Foi um grande acordo tácito e ilegal entre maus funcionários e cidadãos oportunistas que colaborou para que São Paulo fosse tão caótica, suja e desagradável. Grande responsabilidade têm também os eleitores que inadvertida ou despreocupadamente elegeram políticos descompromissados com o rigor fiscal e legal, para dizer o menos. Celso Pitta e Paulo Maluf dizimaram assumidamente o caixa da prefeitura com o fito de alavancar suas carreiras políticas.
Fizeram, no mínimo, acordos e vista grossa para a rapinagem. Pitta, tão enrodilhado em problemas na Justiça, virou refém da máfia, enquanto sua administração desmoronava.
Não há agora soluções simples para o desastre legal, urbanístico, administrativo e político de São Paulo. Será decerto preciso encontrar cadeia para muita gente, punições exemplares para corruptos e corruptores.
Mas é preciso deixar claro que os cidadãos não podem ser coniventes com o desrespeito às leis que tentam civilizar a cidade, que é preciso desmontar todo o aparato incivilizado, financiado pela propina, que se incrustou no patrimônio urbano.
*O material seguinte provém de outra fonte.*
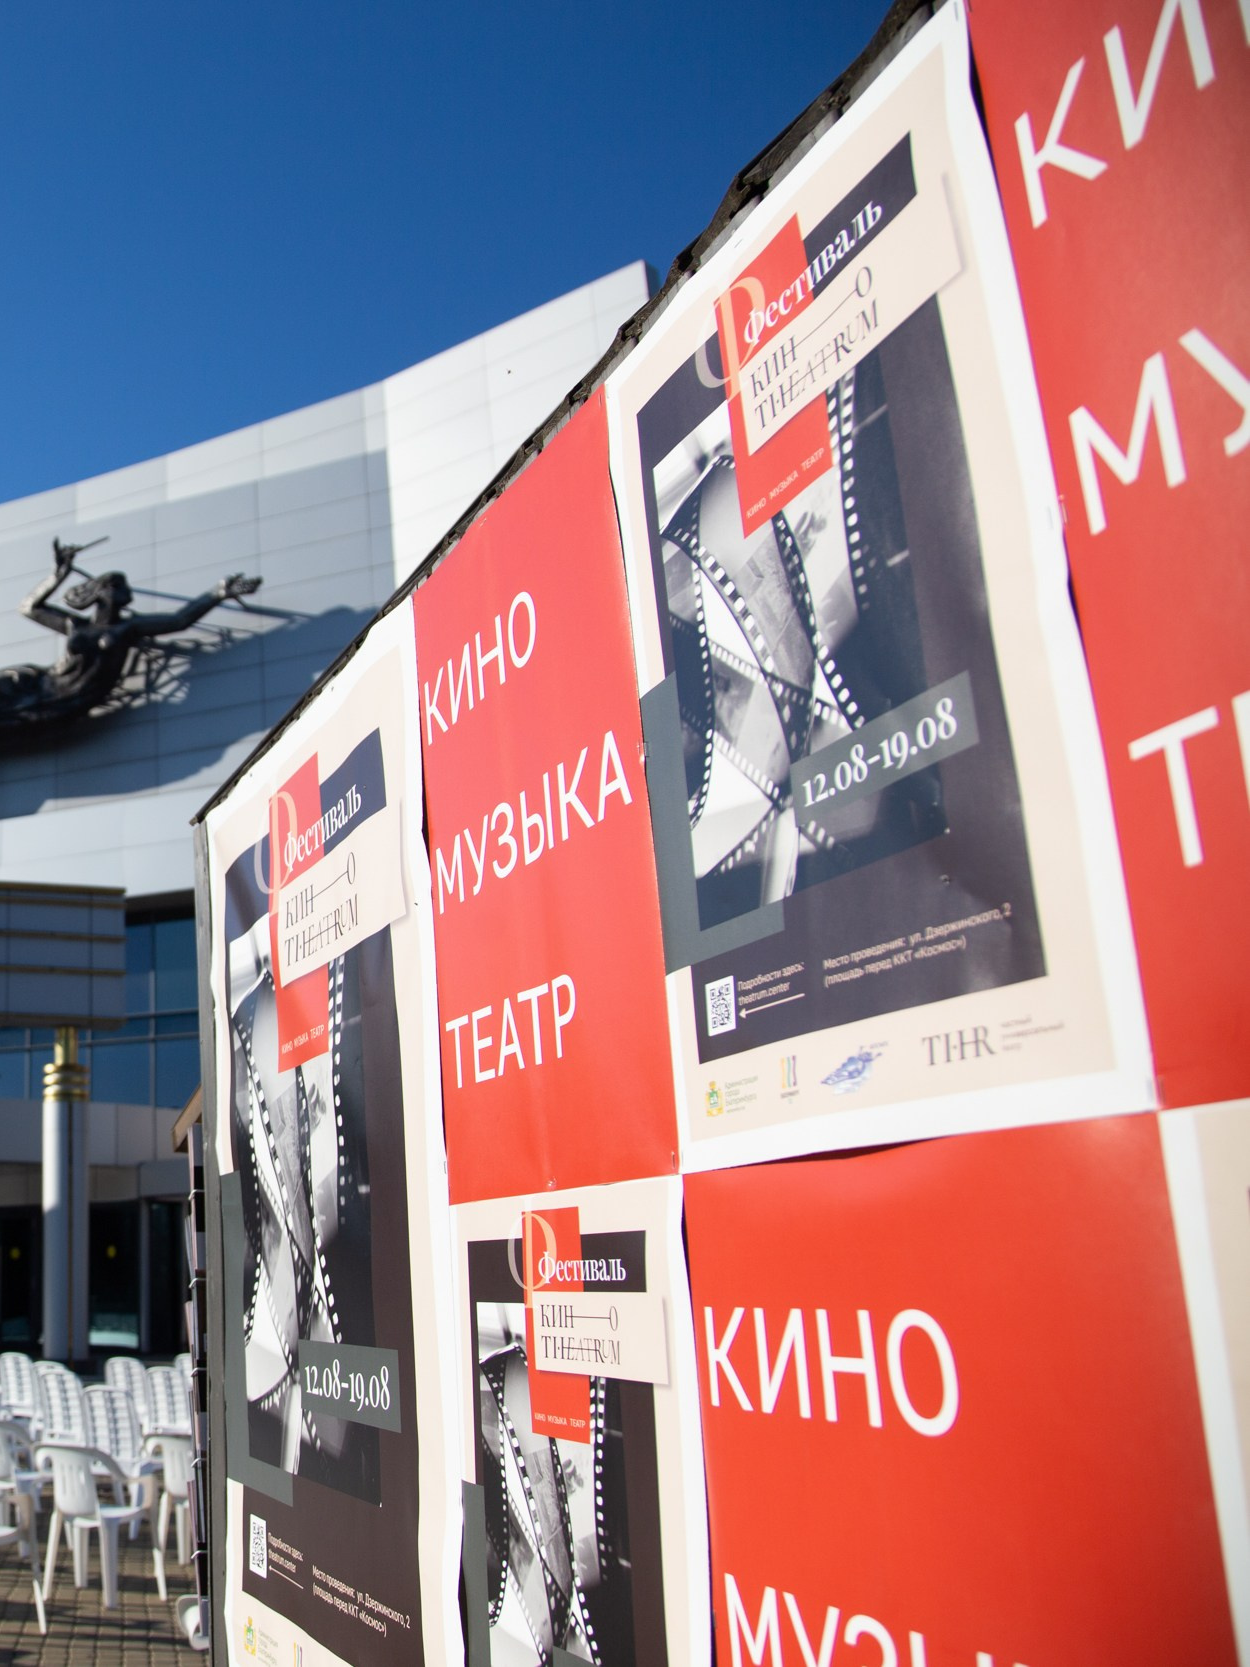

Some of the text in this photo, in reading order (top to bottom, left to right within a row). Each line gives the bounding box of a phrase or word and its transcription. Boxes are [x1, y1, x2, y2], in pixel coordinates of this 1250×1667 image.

A tarefa, porém, estará incompleta sem a reforma das instituições municipais. A organização da cidade em regionais, a participação dos cidadãos no governo, as leis que regem a organização urbana, tudo deve ser revisto. É preciso decerto que muitos personagens sejam legalmente depostos, banidos da vida pública ou o que seja. Mas sem a reforma de leis e de instituições a mudança será superficial: persistirá a desordem urbana e a corrupção voltará.